Whilst he's still as fit as a fiddle, Daltrey admitted he's on his "way out" and is at the age when you have to expect things to come to an end.

Roger Daltrey performing with The Who in 2023. (Photo by Katja Ogrin/Redferns)
Roger Daltrey performing with The Who in 2023. (Photo by Katja Ogrin/Redferns). Picture: Getty

Daltrey was joined by his long-time bandmate Pete Townshend performing as The Who for one night of the run of concerts, and was joined by Led Zeppelin's Robert Plant, Pearl Jam's Eddie Vedder and Paul Weller in a star-studded lineup to close out this year's series.

It capped off an impressive stint for Daltrey as the curator of the charity, in what might very well be his final appearance for the Teenage Cancer Trust.

Talking to The Times, Daltrey revealed: "I have to be realistic. I’m on my way out. The average life expectancy is 83 and with a bit of luck I'll make that, but we need someone else to drive things."

He won't be leaving Teenage Cancer Trust, but will be taking up a less demanding role, he explained.

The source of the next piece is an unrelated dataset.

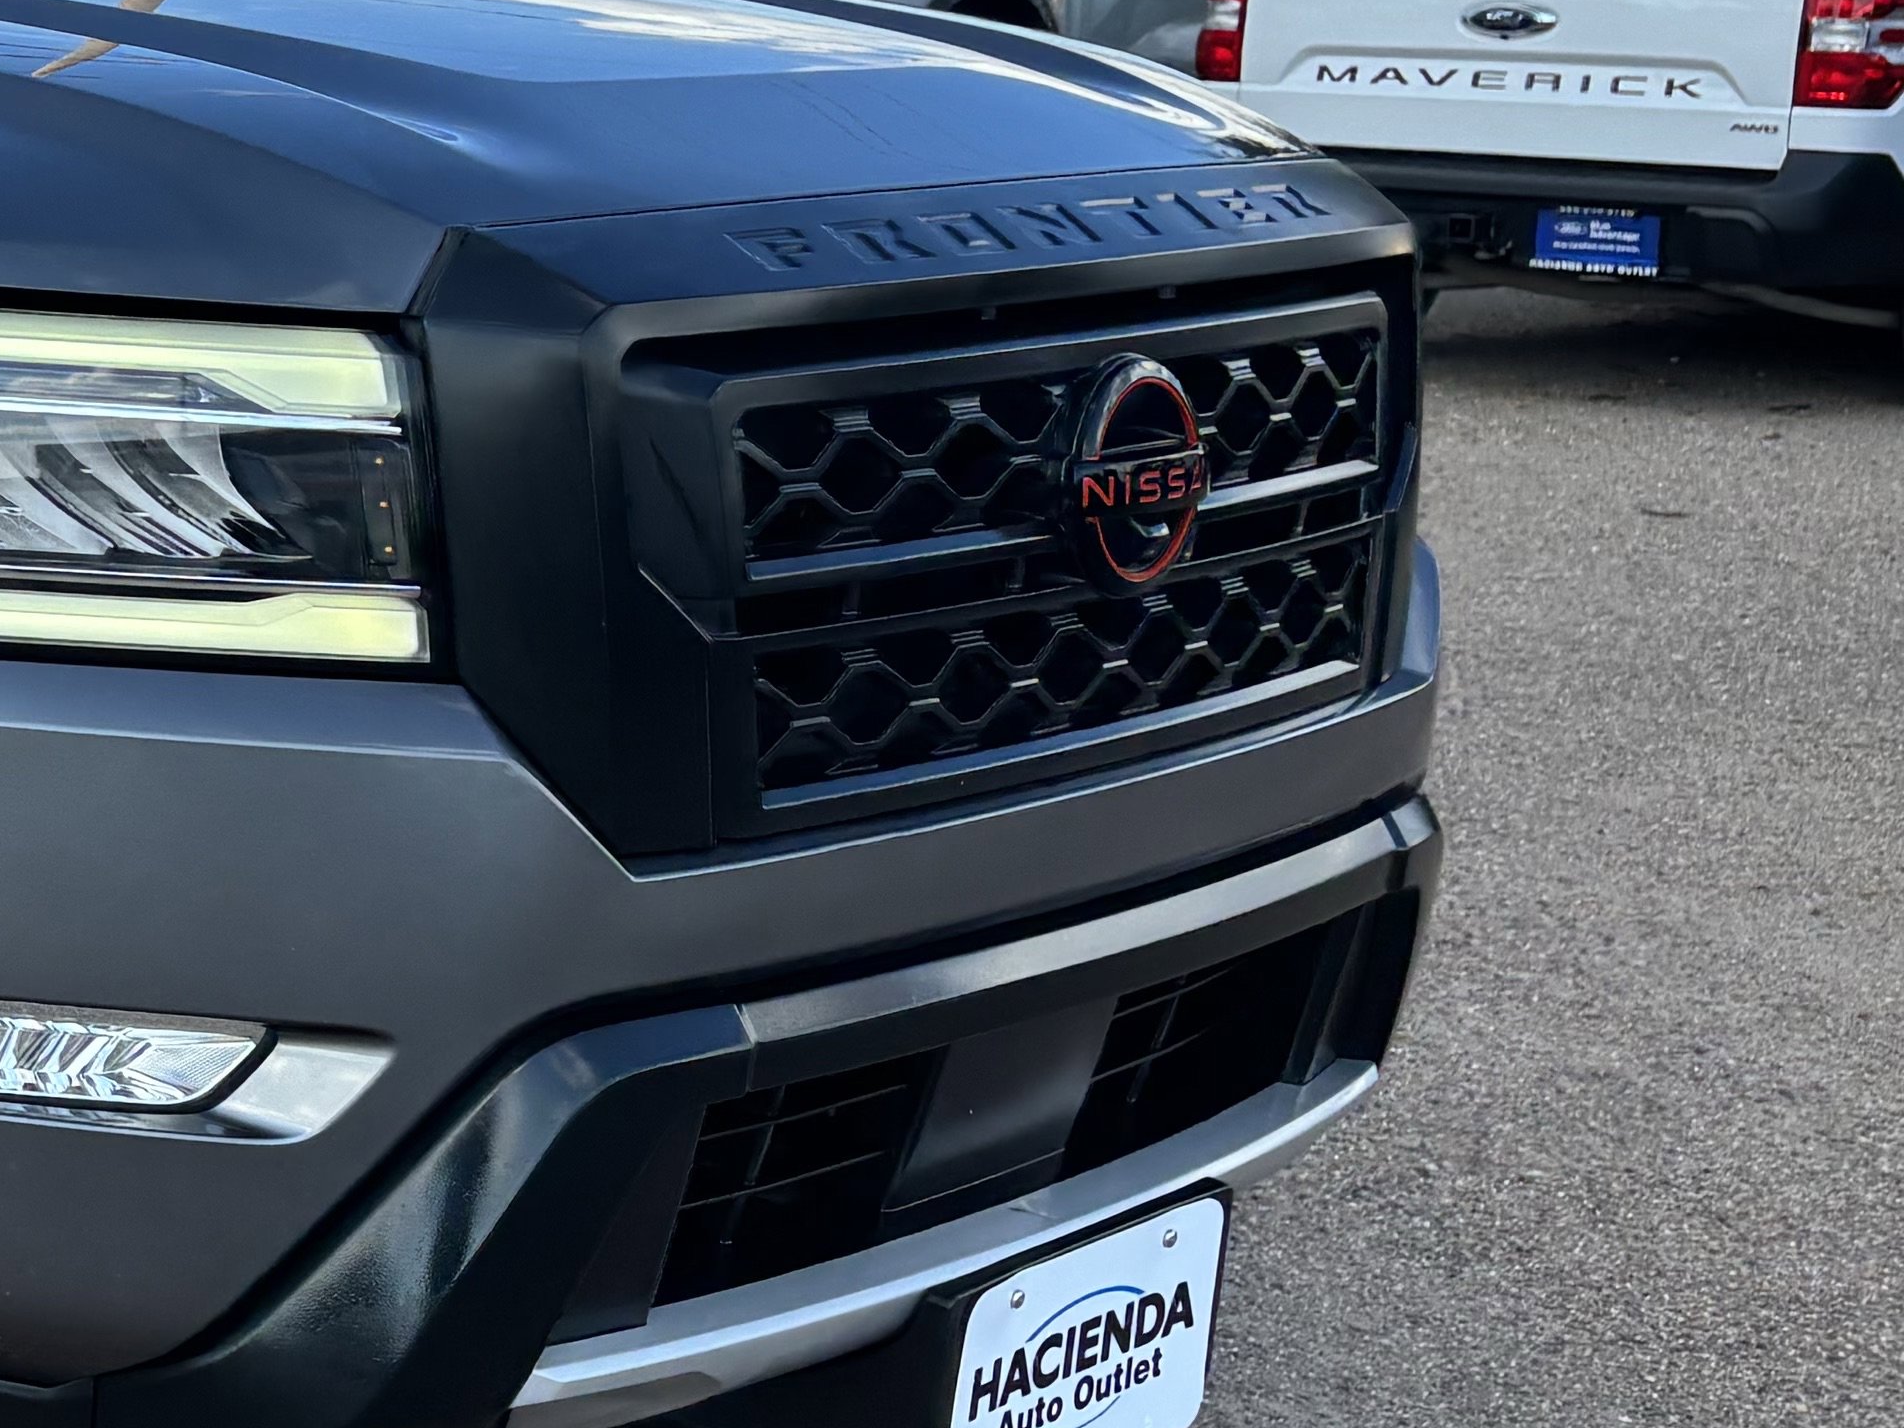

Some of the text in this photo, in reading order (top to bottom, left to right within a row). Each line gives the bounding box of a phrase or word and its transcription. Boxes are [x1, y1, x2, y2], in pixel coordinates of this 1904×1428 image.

[1316, 64, 1702, 99] MAVERICK
[723, 183, 1332, 272] FRONTIER
[968, 1281, 1194, 1422] HACIENDA
[1074, 1347, 1162, 1410] Outlet

"I’m not leaving TCT – I've been a patron since I first met the charity’s founders, Dr Adrian and Myrna Whiteson, more than 30 years ago - and that will continue."

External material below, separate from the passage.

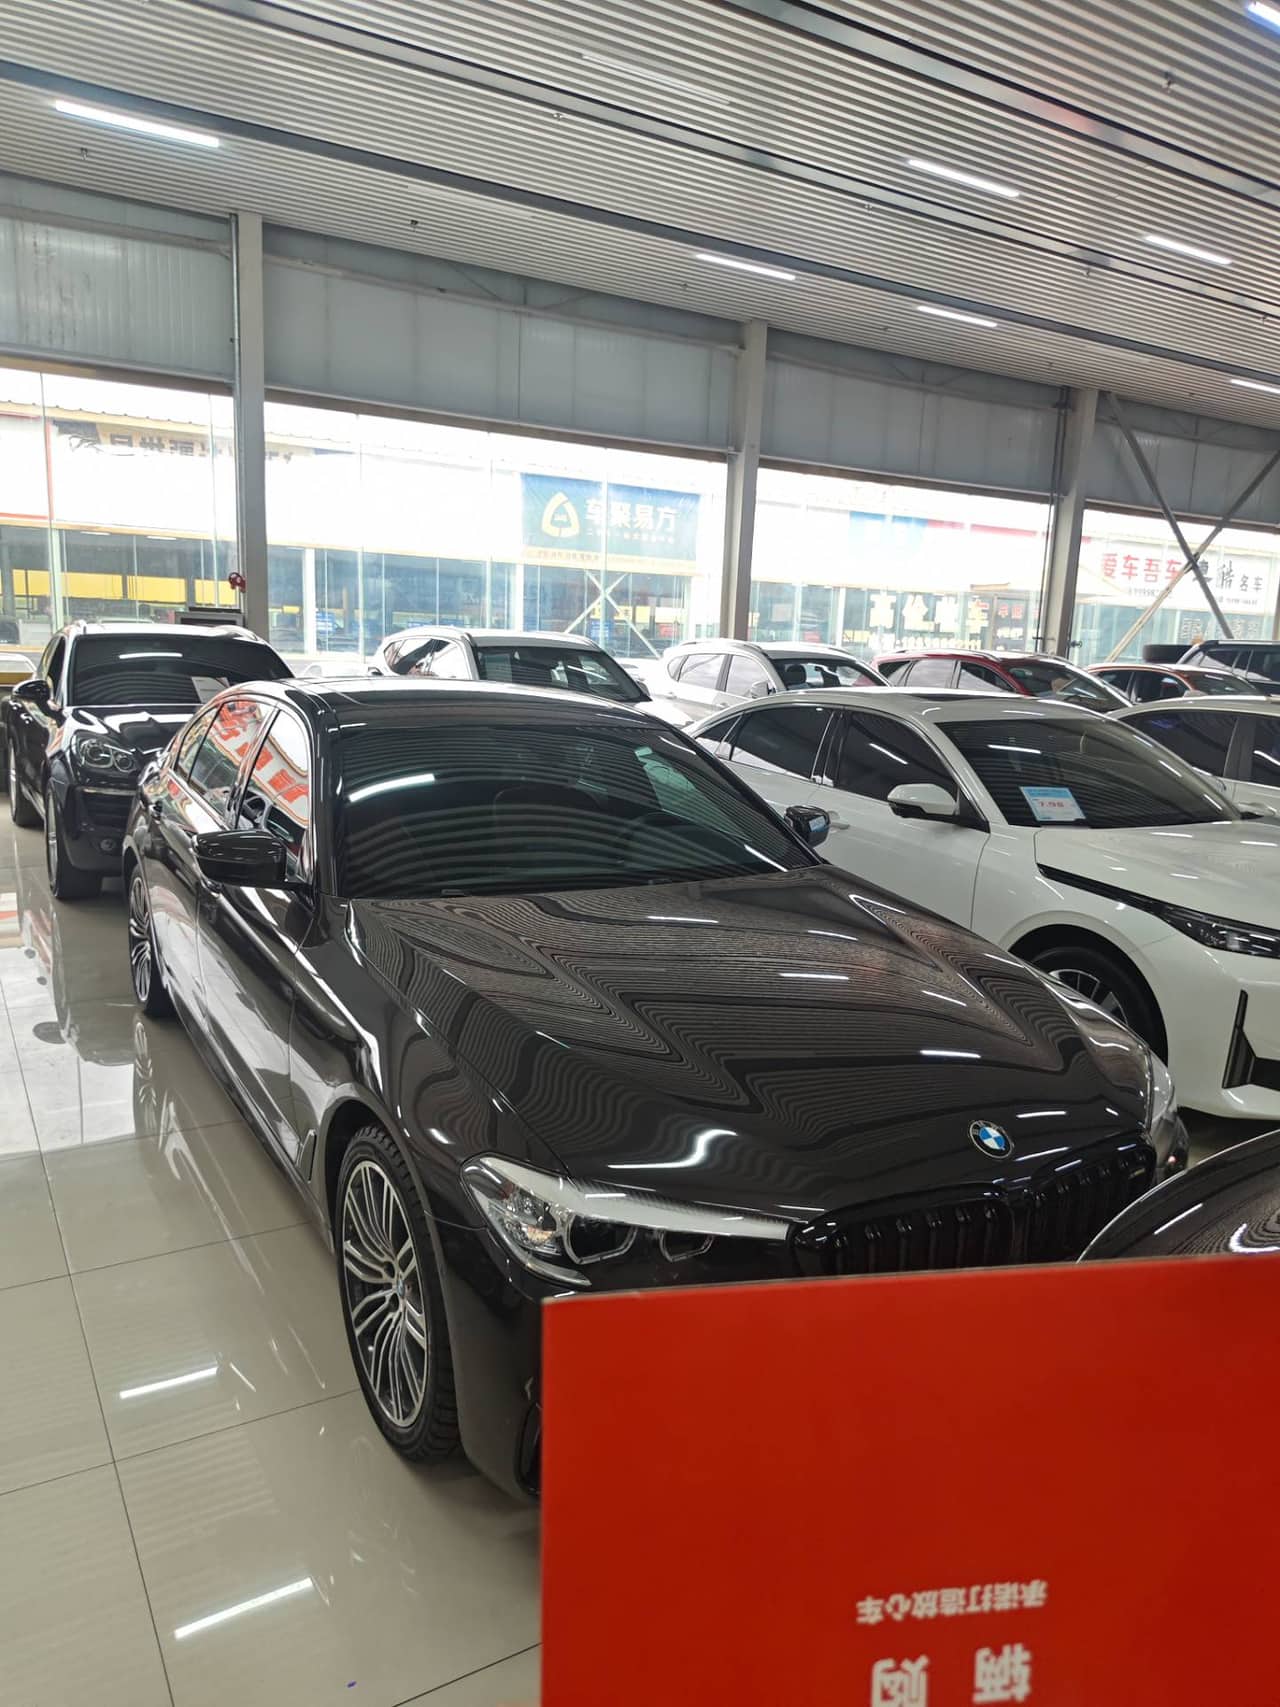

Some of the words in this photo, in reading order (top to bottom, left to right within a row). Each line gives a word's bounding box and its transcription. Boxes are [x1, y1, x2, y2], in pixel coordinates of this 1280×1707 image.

[856, 1579, 1048, 1625] 承诺打造放心车

"But I’ll be working in the back room, talking to the government, rattling cages."

Daltrey has been facing up to the fact that he&squot;s on his "way out". (Photo by Gijsbert Hanekroot/Redferns)
Daltrey has been facing up to the fact that he's on his "way out". (Photo by Gijsbert Hanekroot/Redferns). Picture: Getty

Daltrey keeps himself in great condition, though the physicality of performing one-off concerts like Teenage Cancer Trust are taking its toll, especially after a long winter.

"We haven't done anything for seven months and this winter's been brutal. I've been in hibernation. For the whole of January, I lost my voice completely."

The 'My Generation' singer didn't pour cold water on a return for The Who though, hinting at a return in the near future.

"I live like a monk and if I went on tour for a week I’d be fit as a butcher's dog again, but tonight, for the first time in my career, I think, 'Blimey, this is hard.'"

Townshend also mirrored these comments in another interview, suggesting that The Who still have another major tour left in the tank.

"I do and I think I will," the guitarist said in regards to hitting the road for a final time. "It feels to me like there's one thing The Who can do, and that's a final tour where we play every territory in the world and then crawl off to die."